Certain keys (G major, D major, E minor) are easy on instruments such as fiddles and tin whistles. Certain modes (Dorian, Mixolydian) are also often used in Celtic music.
Songs to be played on pipes usually have a small range, as bagpipes can’t play very many notes.
Certain types of dances in certain time signatures (reels in cut time, jigs in 6/8) are commonly used in Celtic music.
Celtic music also uses a lot of grace notes (very short notes in between the main notes of the tune.) Bagpipes actually need to play these short notes in between notes that are supposed to be repeated, because they can’t repeat notes normally.
In sean nos singing, grace notes are used to denote emotion. Proper sean nos does not vary in volume - it would have been sung to be heard throughout a hall of outside gathering. So the grace notes are used for emphasis.
I’ve asked a very similar question before without a good response perhaps because I don’t know how to phrase it.
The easiest example of I can think of is in Fairytale of New York but also in many traditional-sounding tunes.
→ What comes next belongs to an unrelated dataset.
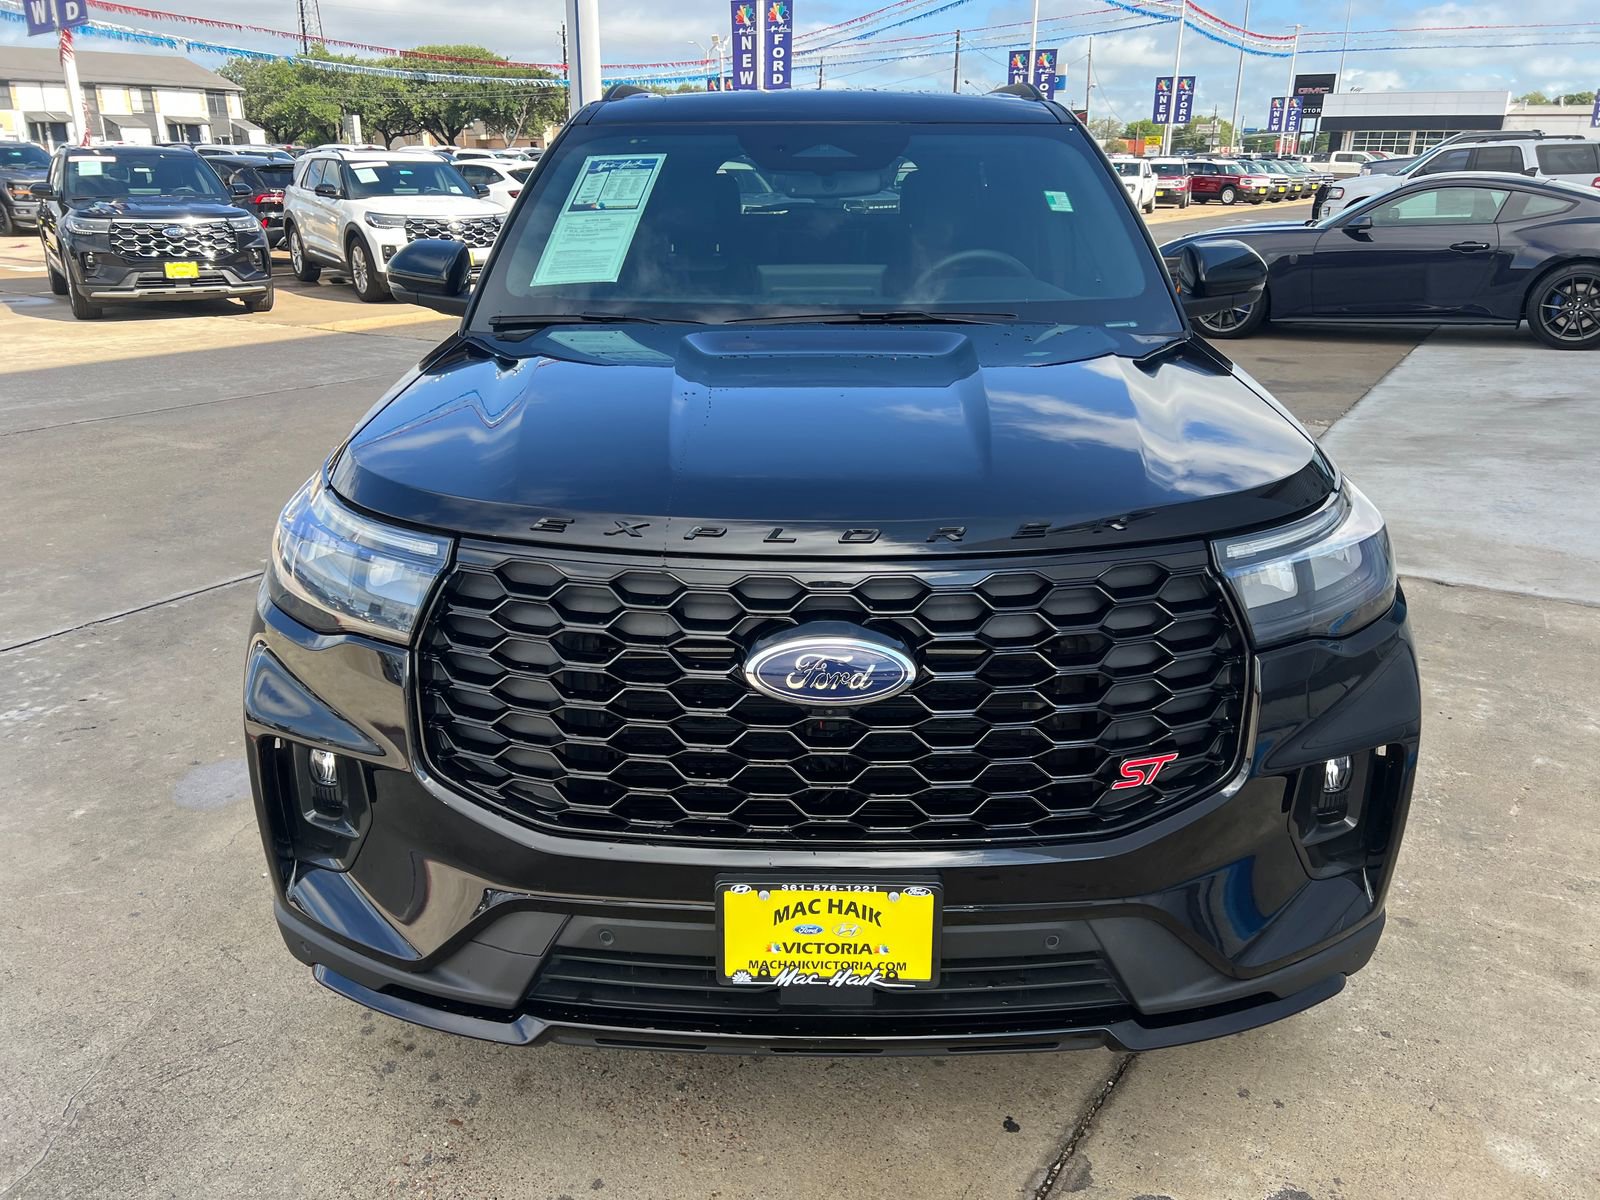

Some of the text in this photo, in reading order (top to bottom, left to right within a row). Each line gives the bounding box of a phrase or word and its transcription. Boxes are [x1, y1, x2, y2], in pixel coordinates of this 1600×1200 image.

It’s a certain high note that gets hit suddenly before the line goes back down to its normal pitch. In the aforementioned Fairytale, examples of this type of note are when the singer sing “place” (and perhaps “through”) in the line “But the wind blows right through you it’s no place for the old”.
Is this also something enabled by the key (since Fairytale was apparently released in D Major like Emily mentioned)?